Another of the ROM programs is Notebook, a simple text processor that can be used in conjunction with the modem for sending and receiving files, or as a quick memor pad. The program will hold as many as 500 lines of 80-column text in RAM. The other two options are a Setup configuration program (the settings are retained in a small portion of RAM that is powered by a separate lithium battery that also runs an internal clock/calendar) and a set of extended diagnostic routines to check memory chip-by-chip and test the various available disk drives.

There is also a built-in self-diagnosis program that is invoked when the computer is first turned on. The test reports net available memory (48K of RAM is taken by the operating system) and then a numeric code indicating any tests failed by the computer. The routines check the microprocessor, RAM, ROM, DMA controller, LCD controller, keyboard and speaker interfaces, various interrupts, power supply, output ports, and the internal memory if installed.

DG also sells a portable 27-pin thermal matrix printer that connects to its own serial output port on the computer. Powered either by its own set of rechargeable batteries or from an AC outlet, the device can work with regular bond paper using a special thermal transfer ribbon, or with specially thermal thermal paper. According to Data General, the printer emulates an Epson MX-80 with Graftrax or its close cousin the IBM PC Graphics Printer, running at 40 cps for draft quality and 20 cps for "letter-quality" printing. What's New?

The DG/One pushes LCD technology to its present commercial frontier. In addition to obtaining sufficient supplies of the new large screens (Epson is reported to be one of the OEMs), engineers also found a way to deal with the "ghosting" problem often associated with LCDs.
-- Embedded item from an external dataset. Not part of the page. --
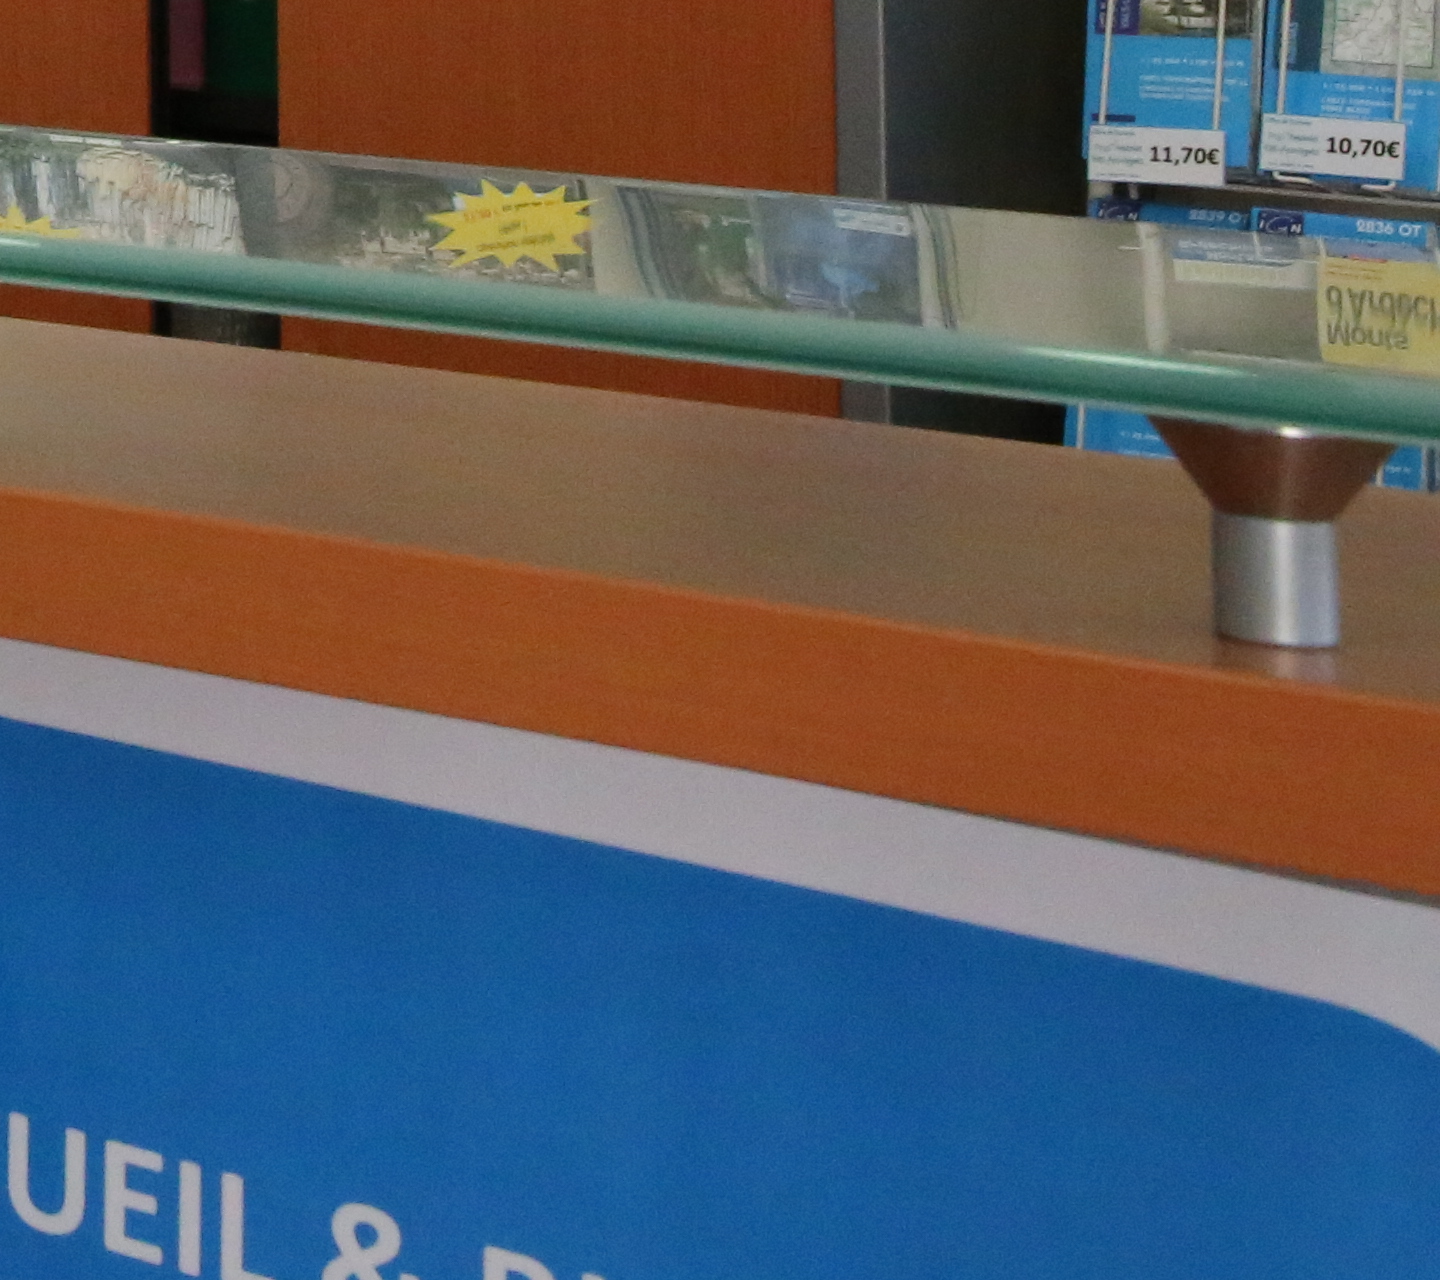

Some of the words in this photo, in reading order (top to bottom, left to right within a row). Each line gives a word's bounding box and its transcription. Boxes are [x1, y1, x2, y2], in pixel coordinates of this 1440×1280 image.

[1149, 145, 1220, 166] 11,70€
[1325, 136, 1401, 159] 10,70€
[1397, 222, 1422, 237] OT
In effect, the large DG/One screen is treated by the computer as if it were several smaller screens with an individual driver for each portion of the display.

Another interesting design choice was the use of 8K by 8-bit RAM chips instead of the more common 64K by 1-bit chips. Both devices will store a total of 64K bits, and therefore in a bank of eight will store 64K bytes. However, the IBM PC design stores each bit of an 8-bit byte in a separate chip, while the DG stores all eight bits in a single chip, saving another smidgen of power.
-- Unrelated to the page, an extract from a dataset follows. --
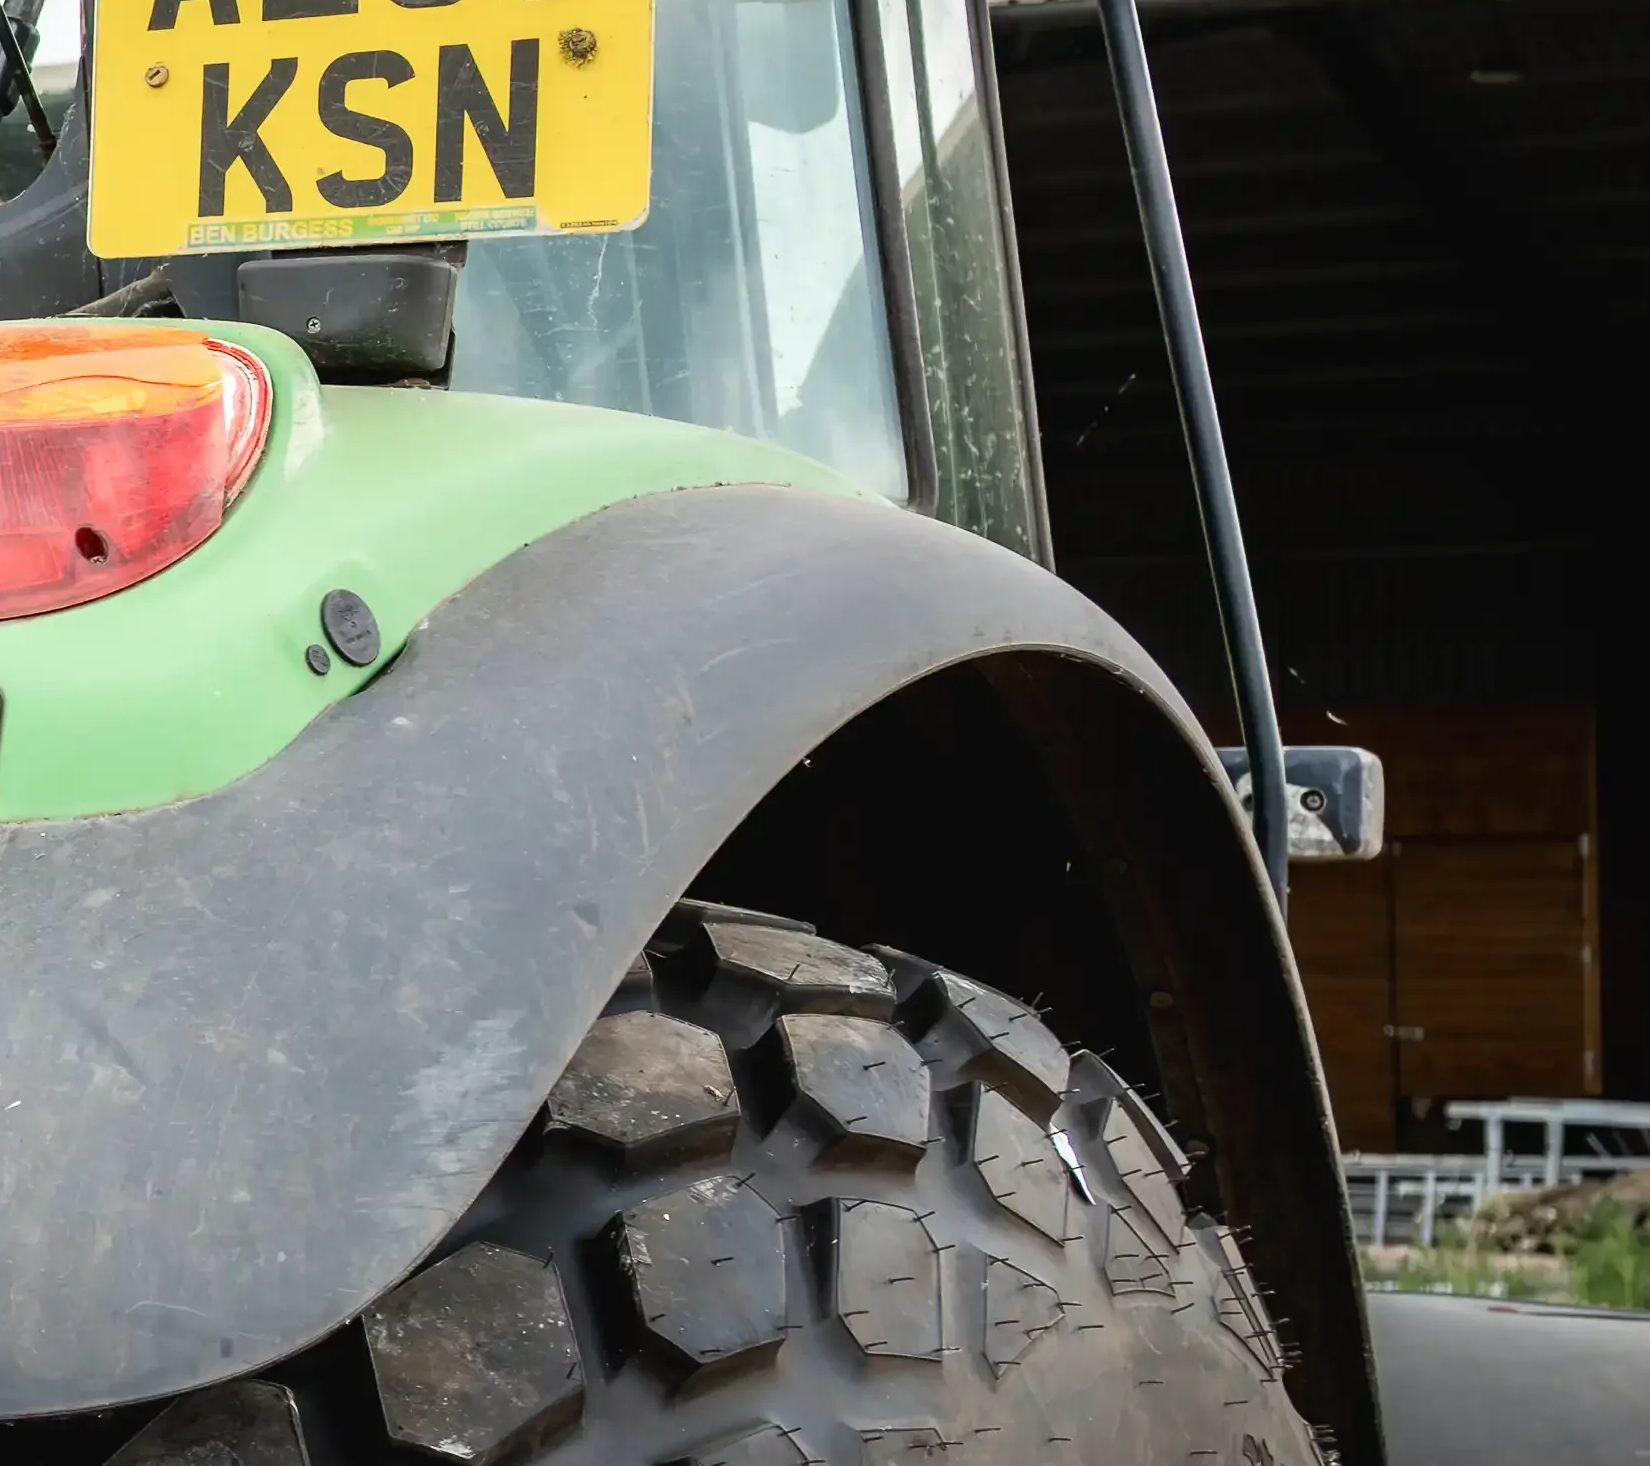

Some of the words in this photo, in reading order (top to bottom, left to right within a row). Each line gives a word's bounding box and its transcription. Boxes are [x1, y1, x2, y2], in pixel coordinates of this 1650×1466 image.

[198, 39, 539, 217] KSN
[190, 225, 236, 245] BEN
[242, 219, 353, 242] BURGESS
The construction of the machine seems solid, although the plastic shell does have the appearance of a device selling for less than $3000. A hinged cover at the back of the unit slides into place to cover the panel of connectors at the back and also serves as a prop to adjust the angle of the machine; it popped out of its grooved track every time I used it. DG does not endorse users taking the covers off to install add-ons. If the machine does make a significant dent in the marketplace, though, third-party manufacturers may seek to tie into the planned expansion chassis or attach to one of the ports.

Who should consider buying a device like the DG/One? Well, I spoke recently with a book editor who said his company's sales staff was lugging one of those 40-pound "transportable" PC-compatible machines around the country for use in order entry and communication with the home office--the DG/One would be a quite worthy, back-saving replacement. It would also make a worthy companion for traveling heavy users of electronic spreadsheets.

You should have noticed by now that the only significant knock against this machine--assuming you can afford the price of admission--is based on a completely subjective decision about the LCD screen. A long word processing session did not appeal to my tired eyes. But, if you are considering the purchase of a portable, go and see for yourself.

Data General's achievement with its portable computer is in a way comparable to IBM's with its original PC model. The technology--with the exception of the LCD screen--is proven, off-the-shelf provisioning. What DG has done is make up a package combining a very high degree of PC compatibility, several disk storage options, a capable keyboard, and perhaps most important, added into the mix an established and respected name. You might say that the company immortalized in "The Soul of a New Machine" has brought a little of that soul from the minicomputer to your lap.